The most important result of our study, which differs from the current literature, is that hypophosphatemia is not associated with adverse clinical outcomes, such as prolonged MV duration, increased length of ICU stay, or increased mortality in elderly critically ill patients (3, 4, 25, 26). This discrepancy from the existing literature may be attributed to our exclusive focus on the geriatric population, differences in the defined threshold for hypophosphatemia, as well as the inclusion of patients with hyperphosphatemia in our cohort. Our research recruited patients from the tertiary university medical ICU, providing a more specific and in-depth analysis tailored to this subgroup. In this study, there were two main reasons for including hyperphosphatemic patients. The first was to reveal the exact incidence of hypophosphatemia in the elderly critically ill population. The second was to assess whether hypophosphatemia alone is a risk factor for adverse clinical outcomes in a patient group characterized by high risk of malnutrition and reduced renal function.
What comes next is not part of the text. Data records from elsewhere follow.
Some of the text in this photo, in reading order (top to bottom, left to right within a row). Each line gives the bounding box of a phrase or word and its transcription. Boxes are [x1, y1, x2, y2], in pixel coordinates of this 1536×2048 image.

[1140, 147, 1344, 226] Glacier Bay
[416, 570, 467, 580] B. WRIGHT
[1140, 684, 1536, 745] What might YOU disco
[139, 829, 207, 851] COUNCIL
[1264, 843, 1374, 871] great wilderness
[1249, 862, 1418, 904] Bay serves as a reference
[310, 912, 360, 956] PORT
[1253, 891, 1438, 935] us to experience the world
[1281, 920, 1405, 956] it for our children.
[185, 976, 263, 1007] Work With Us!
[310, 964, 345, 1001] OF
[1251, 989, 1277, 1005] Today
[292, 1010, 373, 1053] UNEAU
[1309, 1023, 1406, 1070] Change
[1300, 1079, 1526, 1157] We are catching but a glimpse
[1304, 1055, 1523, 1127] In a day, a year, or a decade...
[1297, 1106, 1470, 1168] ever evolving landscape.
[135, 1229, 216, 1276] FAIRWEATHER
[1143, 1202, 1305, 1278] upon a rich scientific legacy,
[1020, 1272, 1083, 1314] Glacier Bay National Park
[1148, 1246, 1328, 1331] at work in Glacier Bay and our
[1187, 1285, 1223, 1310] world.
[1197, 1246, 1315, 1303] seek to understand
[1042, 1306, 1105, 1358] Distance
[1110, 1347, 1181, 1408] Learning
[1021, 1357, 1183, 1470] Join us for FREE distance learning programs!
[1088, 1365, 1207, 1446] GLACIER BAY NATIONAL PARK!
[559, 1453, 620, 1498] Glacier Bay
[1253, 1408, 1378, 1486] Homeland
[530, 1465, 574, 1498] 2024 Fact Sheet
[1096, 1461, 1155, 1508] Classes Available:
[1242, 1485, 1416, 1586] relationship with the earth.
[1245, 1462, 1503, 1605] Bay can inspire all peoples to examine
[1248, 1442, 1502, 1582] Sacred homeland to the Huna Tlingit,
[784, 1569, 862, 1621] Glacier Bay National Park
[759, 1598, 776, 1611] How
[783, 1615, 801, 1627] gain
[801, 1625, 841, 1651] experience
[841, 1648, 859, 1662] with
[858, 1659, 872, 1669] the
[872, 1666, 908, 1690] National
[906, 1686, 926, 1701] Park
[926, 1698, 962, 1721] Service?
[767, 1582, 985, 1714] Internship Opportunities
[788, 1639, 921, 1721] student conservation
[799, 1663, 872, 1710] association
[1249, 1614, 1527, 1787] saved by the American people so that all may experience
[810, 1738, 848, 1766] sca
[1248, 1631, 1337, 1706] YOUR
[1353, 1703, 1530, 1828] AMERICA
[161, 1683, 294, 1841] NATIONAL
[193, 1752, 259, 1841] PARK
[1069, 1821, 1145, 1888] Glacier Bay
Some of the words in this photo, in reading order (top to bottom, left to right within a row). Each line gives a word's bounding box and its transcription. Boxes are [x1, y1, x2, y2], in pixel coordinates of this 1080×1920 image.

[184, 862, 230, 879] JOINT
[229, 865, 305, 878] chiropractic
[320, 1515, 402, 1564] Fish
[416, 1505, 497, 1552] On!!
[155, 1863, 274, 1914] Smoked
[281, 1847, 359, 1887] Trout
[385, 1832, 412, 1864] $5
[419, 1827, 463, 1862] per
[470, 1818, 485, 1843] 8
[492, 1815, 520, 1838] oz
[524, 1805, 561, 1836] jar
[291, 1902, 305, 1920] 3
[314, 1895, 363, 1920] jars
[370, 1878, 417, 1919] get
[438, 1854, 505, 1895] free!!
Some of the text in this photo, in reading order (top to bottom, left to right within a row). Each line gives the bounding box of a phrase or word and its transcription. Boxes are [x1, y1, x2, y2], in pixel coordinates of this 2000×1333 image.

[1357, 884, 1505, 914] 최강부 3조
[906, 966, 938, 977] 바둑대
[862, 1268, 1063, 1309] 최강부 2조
Nevertheless, in the subgroup analysis excluding patients with renal impairment at admission based on the RIFLE classification, hypophosphatemia was not found to be associated with adverse clinical outcomes in elderly critically ill patients. Previous studies have also demonstrated that the disease severity scores were high in hypophosphatemic patients (12, 13). The disease severity scores, such as APACHE II and SOFA Scores, did not differ between hypophosphatemic and non-hypophosphatemic patients in our study population, but the SOFA Score was found to be high in hypophosphatemic patients without renal injury. This finding may reflect that hypophosphatemia indicates disease severity rather than an independent risk factor for mortality (1, 2, 14).
Study Limitations
Although the findings of this study have important clinical implications for the management of elderly critically ill patients, it is important to acknowledge several limitations of our research. The major limitation of this study is its retrospective design, which prevents a comprehensive assessment of patients’ nutritional status and caloric intake both prior to and during their ICU stay, thereby hindering an objective evaluation of the association between hypophosphatemia and refeeding syndrome. Additionally, the study lacks detailed information on fluid management strategies, diuretic regimens, steroid use, catecholamines, and aminoglycosides, all of which can contribute to hypophosphatemia. Finally, the generalizability of the results is inherently limited by the single-center nature of the cohort.
Conclusion
Contrary to expectations, we found that hypophosphatemia incidence is not higher in elderly critically ill patients than in the general ICU population. Likewise, it was not correlated with negative clinical outcomes in ICU settings. Admission to the ICU for cardiac decompensation, along with hypoalbuminemia and hypokalemia as independent risk factors for hypophosphatemia, highlights the need for careful evaluation of hypophosphatemia in this population. Additionally, multicenter prospective studies in mixed ICU populations are required to better elucidate the relationship between hypophosphatemia and malnutrition in elderly critically ill patients.